** Opening Records for the exercise block **

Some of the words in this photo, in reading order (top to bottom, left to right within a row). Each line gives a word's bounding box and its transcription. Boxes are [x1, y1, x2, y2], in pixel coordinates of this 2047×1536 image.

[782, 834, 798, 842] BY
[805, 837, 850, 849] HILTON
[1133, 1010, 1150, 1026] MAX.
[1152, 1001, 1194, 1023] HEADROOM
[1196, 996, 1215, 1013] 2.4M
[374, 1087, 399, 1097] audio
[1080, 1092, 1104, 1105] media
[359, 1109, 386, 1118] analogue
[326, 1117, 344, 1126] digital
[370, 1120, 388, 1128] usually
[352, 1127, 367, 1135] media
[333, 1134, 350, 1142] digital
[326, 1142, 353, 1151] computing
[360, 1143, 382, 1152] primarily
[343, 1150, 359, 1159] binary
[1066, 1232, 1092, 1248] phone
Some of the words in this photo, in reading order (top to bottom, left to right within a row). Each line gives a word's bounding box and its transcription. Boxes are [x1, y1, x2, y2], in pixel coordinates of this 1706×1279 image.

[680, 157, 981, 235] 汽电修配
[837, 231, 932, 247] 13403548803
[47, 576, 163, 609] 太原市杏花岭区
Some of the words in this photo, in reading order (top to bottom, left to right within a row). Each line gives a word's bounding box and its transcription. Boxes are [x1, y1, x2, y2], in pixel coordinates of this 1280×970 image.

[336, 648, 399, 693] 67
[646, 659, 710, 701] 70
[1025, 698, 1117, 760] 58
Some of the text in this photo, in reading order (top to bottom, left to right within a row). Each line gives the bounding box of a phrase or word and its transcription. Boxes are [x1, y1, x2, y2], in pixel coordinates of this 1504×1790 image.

** Closing Records for the exercise block **

▶ [Exercise] Word for word, transcribe each of the entries above.

▶ [Solution to this task]
Some of the words in this photo, in reading order (top to bottom, left to right within a row). Each line gives a word's bounding box and its transcription. Boxes are [x1, y1, x2, y2], in pixel coordinates of this 2047×1536 image.

[782, 834, 798, 842] BY
[805, 837, 850, 849] HILTON
[1133, 1010, 1150, 1026] MAX.
[1152, 1001, 1194, 1023] HEADROOM
[1196, 996, 1215, 1013] 2.4M
[374, 1087, 399, 1097] audio
[1080, 1092, 1104, 1105] media
[359, 1109, 386, 1118] analogue
[326, 1117, 344, 1126] digital
[370, 1120, 388, 1128] usually
[352, 1127, 367, 1135] media
[333, 1134, 350, 1142] digital
[326, 1142, 353, 1151] computing
[360, 1143, 382, 1152] primarily
[343, 1150, 359, 1159] binary
[1066, 1232, 1092, 1248] phone
Some of the words in this photo, in reading order (top to bottom, left to right within a row). Each line gives a word's bounding box and its transcription. Boxes are [x1, y1, x2, y2], in pixel coordinates of this 1706×1279 image.

[680, 157, 981, 235] 汽电修配
[837, 231, 932, 247] 13403548803
[47, 576, 163, 609] 太原市杏花岭区
Some of the words in this photo, in reading order (top to bottom, left to right within a row). Each line gives a word's bounding box and its transcription. Boxes are [x1, y1, x2, y2], in pixel coordinates of this 1280×970 image.

[336, 648, 399, 693] 67
[646, 659, 710, 701] 70
[1025, 698, 1117, 760] 58
Some of the text in this photo, in reading order (top to bottom, left to right within a row). Each line gives the bounding box of a phrase or word and its transcription. Boxes are [x1, y1, x2, y2], in pixel coordinates of this 1504×1790 image.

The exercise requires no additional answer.